WHAT IS NEEDED: Line by line, print the records exactly, and keep images out of the copy.

Saved entries
BEGIN

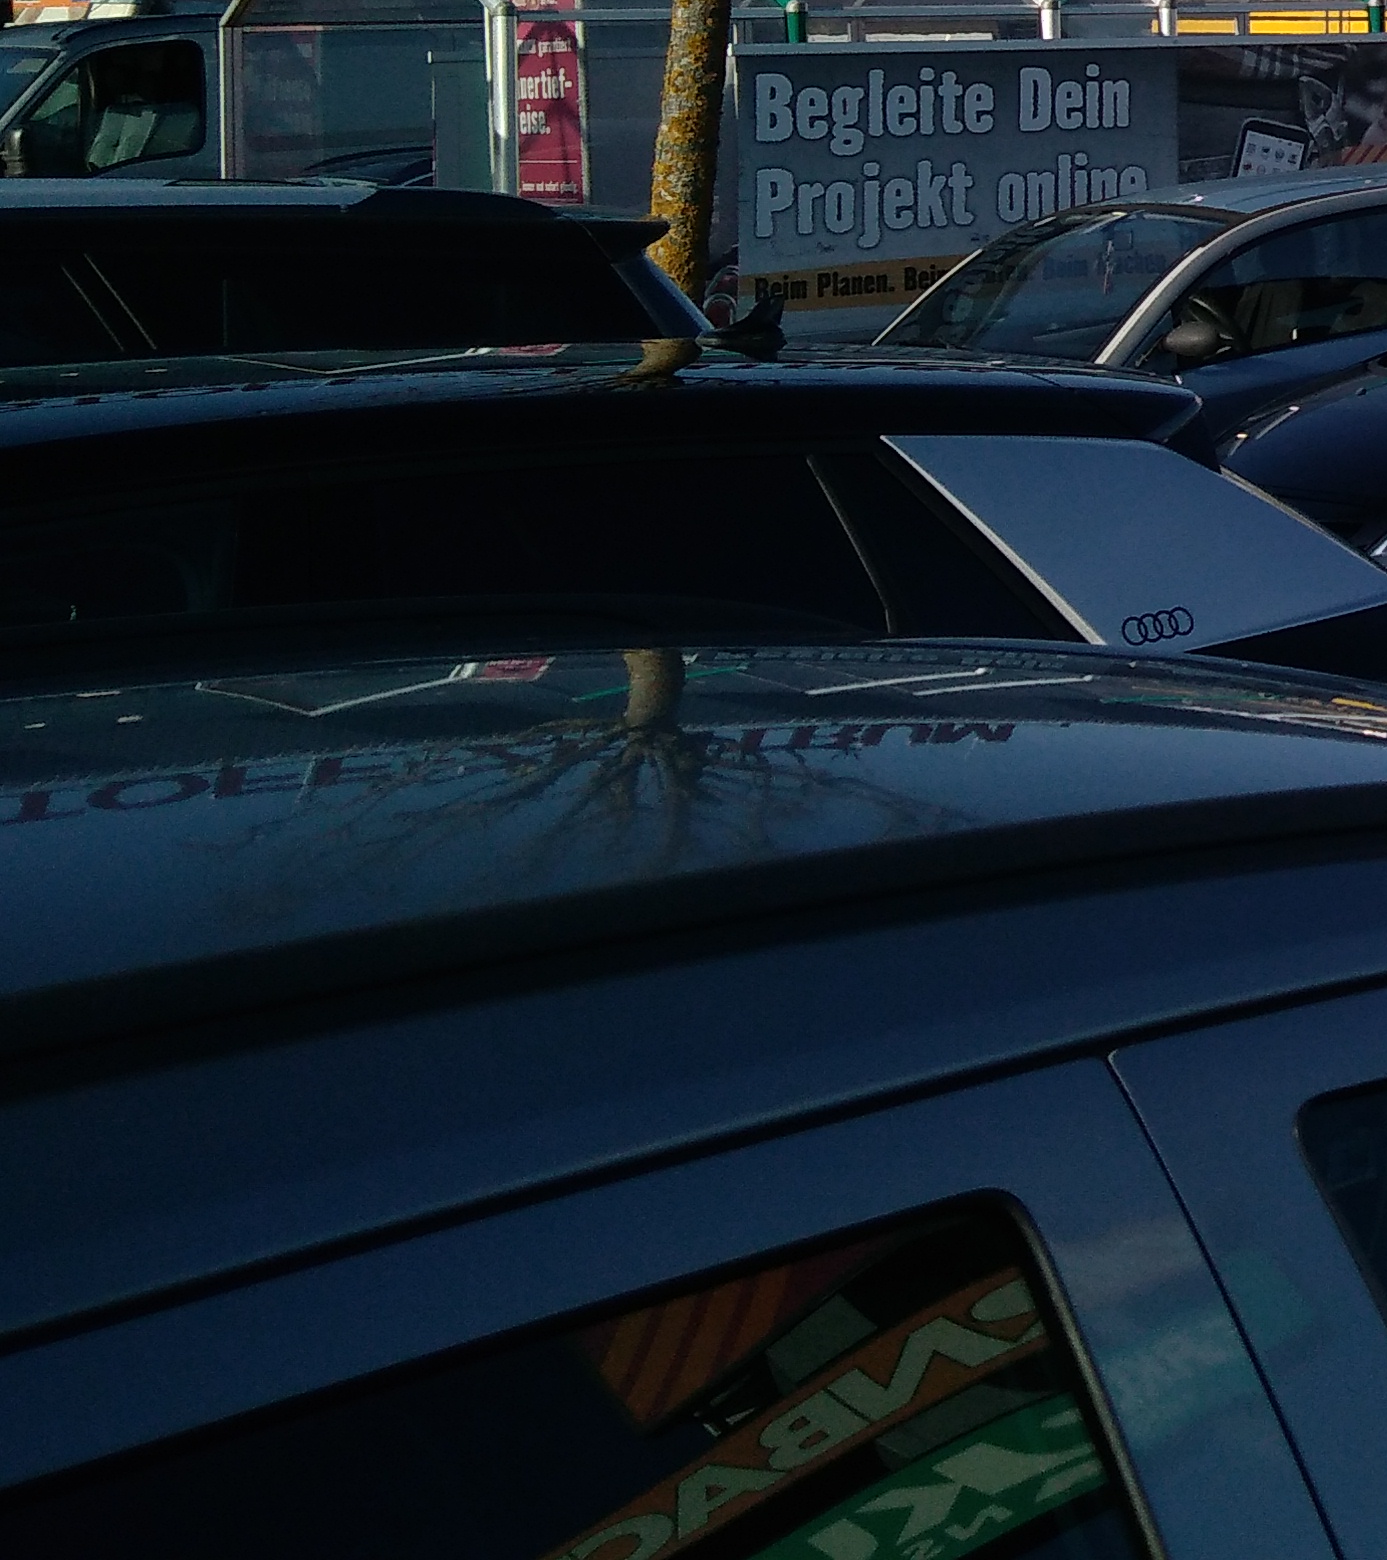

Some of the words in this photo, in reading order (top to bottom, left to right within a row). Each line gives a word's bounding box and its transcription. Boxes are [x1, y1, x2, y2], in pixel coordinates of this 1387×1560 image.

[516, 67, 573, 99] uertief-
[754, 66, 996, 157] Begleite
[1019, 63, 1131, 133] Dein
[754, 157, 976, 248] Projekt
[998, 151, 1149, 223] online
[755, 274, 808, 302] Beim
[817, 269, 896, 298] Planen.
[903, 264, 957, 292] Bei
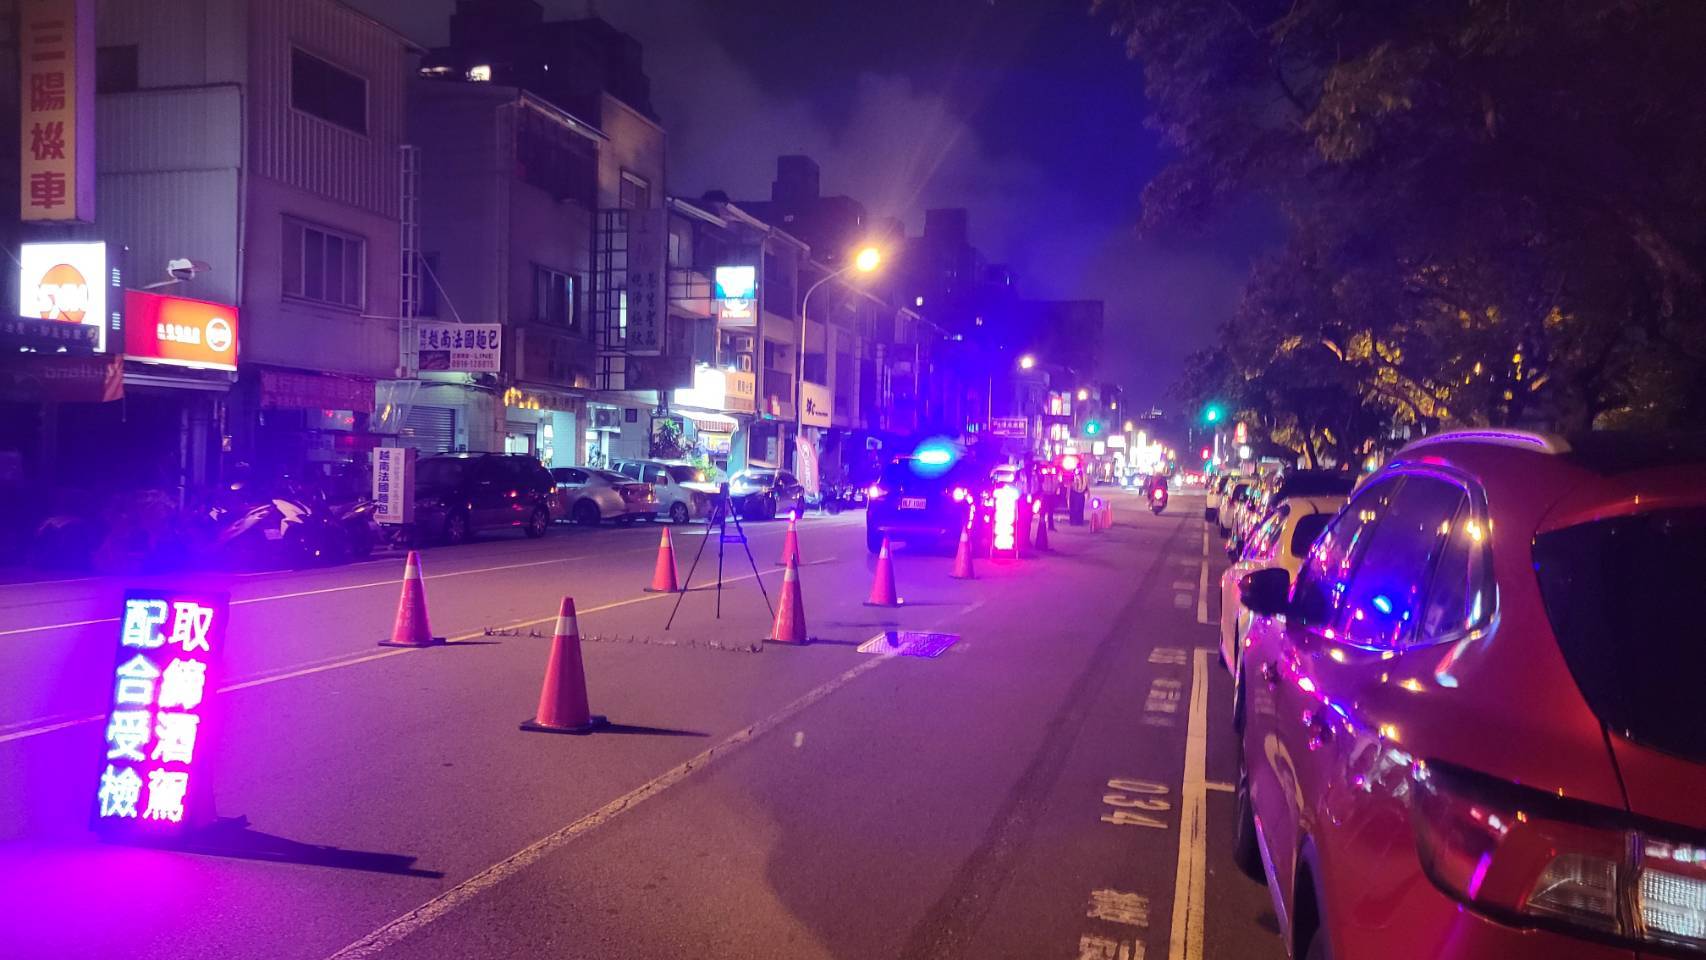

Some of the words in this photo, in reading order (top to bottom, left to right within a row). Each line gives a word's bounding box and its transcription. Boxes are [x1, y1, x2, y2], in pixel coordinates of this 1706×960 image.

[31, 20, 66, 209] 三陽機車
[96, 597, 170, 818] 配合受檢
[142, 601, 215, 822] 取締酒駕
[1100, 778, 1171, 829] 034
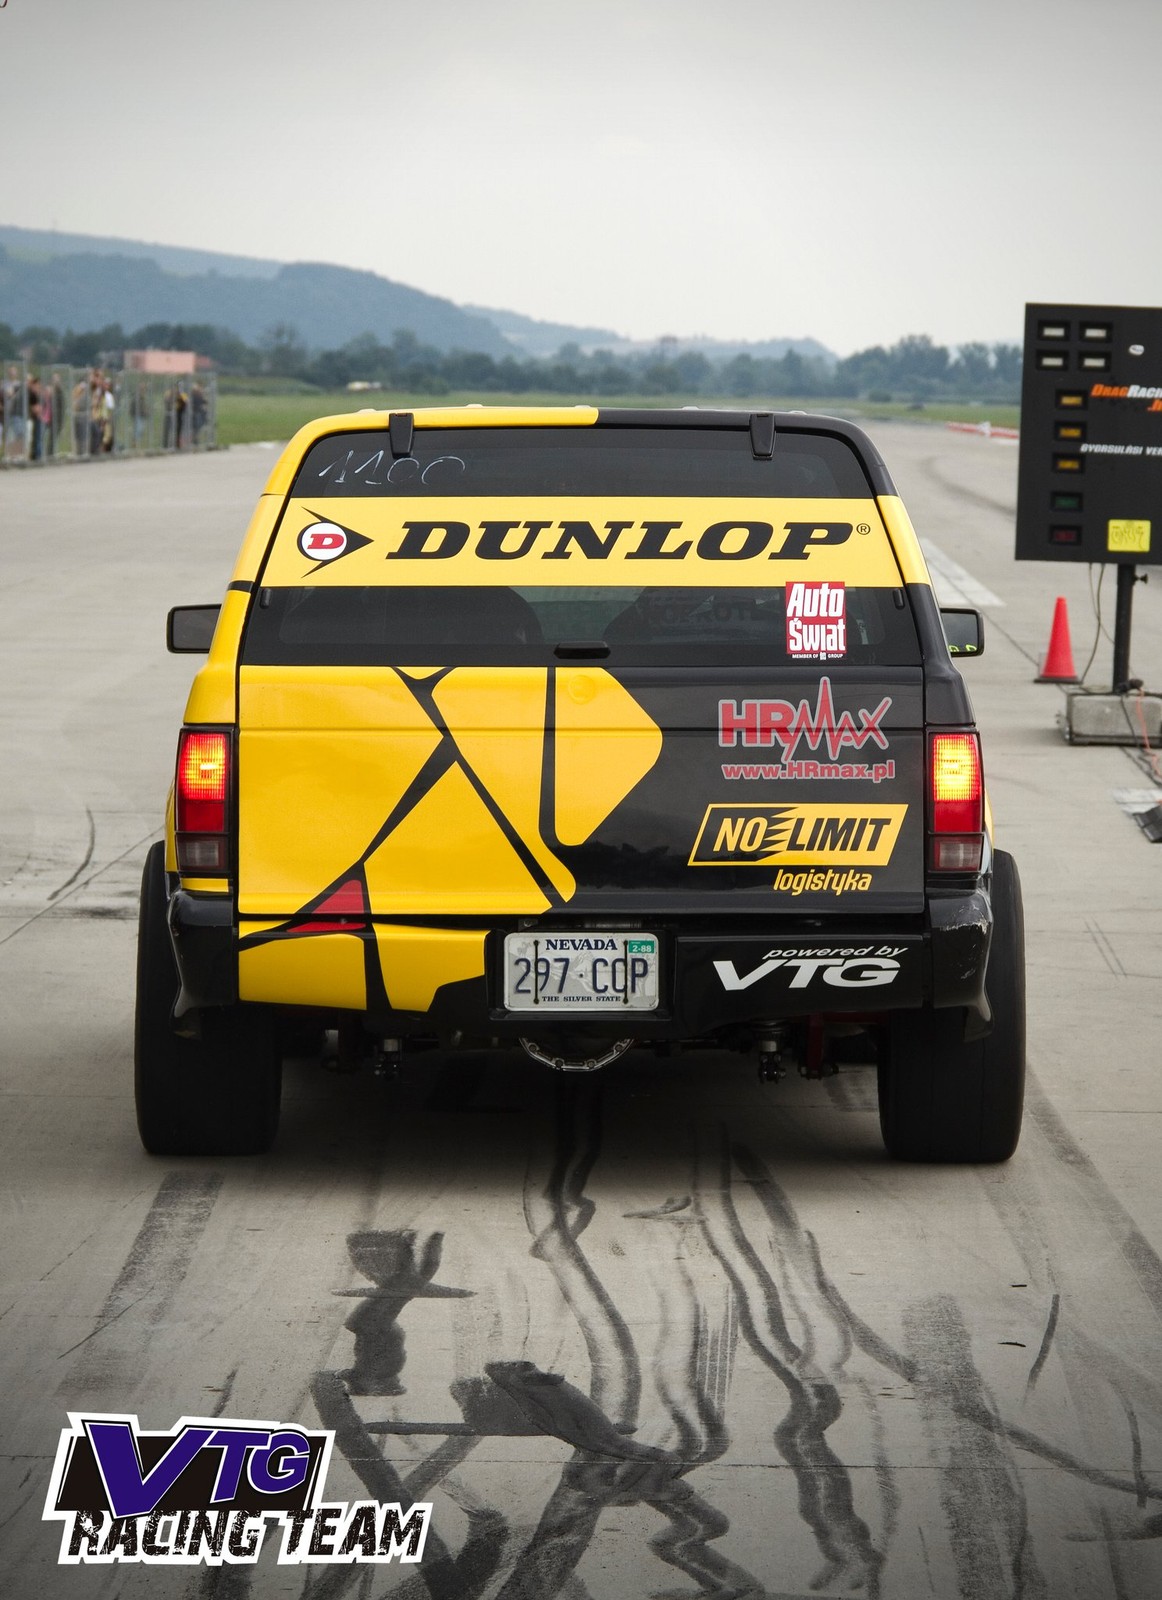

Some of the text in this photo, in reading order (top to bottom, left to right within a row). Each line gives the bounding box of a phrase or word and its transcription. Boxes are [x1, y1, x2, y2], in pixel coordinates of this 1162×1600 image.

[318, 449, 466, 485] 1100
[385, 520, 854, 560] DUNLOP
[786, 583, 845, 617] Auto
[789, 617, 846, 651] Świat
[721, 759, 895, 783] www.HRmax.pl
[712, 816, 893, 852] NO LIMIT
[773, 868, 873, 896] logistyka
[545, 938, 652, 953] NEVADA 2-88
[762, 945, 909, 960] powered by
[514, 957, 571, 994] 297
[712, 957, 902, 991] VTG

END

EXERCISE SOLUTION:
Some of the words in this photo, in reading order (top to bottom, left to right within a row). Each line gives a word's bounding box and its transcription. Boxes are [x1, y1, x2, y2], in pixel coordinates of this 1387×1560 image.

[516, 67, 573, 99] uertief-
[754, 66, 996, 157] Begleite
[1019, 63, 1131, 133] Dein
[754, 157, 976, 248] Projekt
[998, 151, 1149, 223] online
[755, 274, 808, 302] Beim
[817, 269, 896, 298] Planen.
[903, 264, 957, 292] Bei

Some of the words in this photo, in reading order (top to bottom, left to right within a row). Each line gives a word's bounding box and its transcription. Boxes are [x1, y1, x2, y2], in pixel coordinates of this 1706×960 image.

[31, 20, 66, 209] 三陽機車
[96, 597, 170, 818] 配合受檢
[142, 601, 215, 822] 取締酒駕
[1100, 778, 1171, 829] 034

Some of the text in this photo, in reading order (top to bottom, left to right within a row). Each line gives the bounding box of a phrase or word and its transcription. Boxes are [x1, y1, x2, y2], in pixel coordinates of this 1162×1600 image.

[318, 449, 466, 485] 1100
[385, 520, 854, 560] DUNLOP
[786, 583, 845, 617] Auto
[789, 617, 846, 651] Świat
[721, 759, 895, 783] www.HRmax.pl
[712, 816, 893, 852] NO LIMIT
[773, 868, 873, 896] logistyka
[545, 938, 652, 953] NEVADA 2-88
[762, 945, 909, 960] powered by
[514, 957, 571, 994] 297
[712, 957, 902, 991] VTG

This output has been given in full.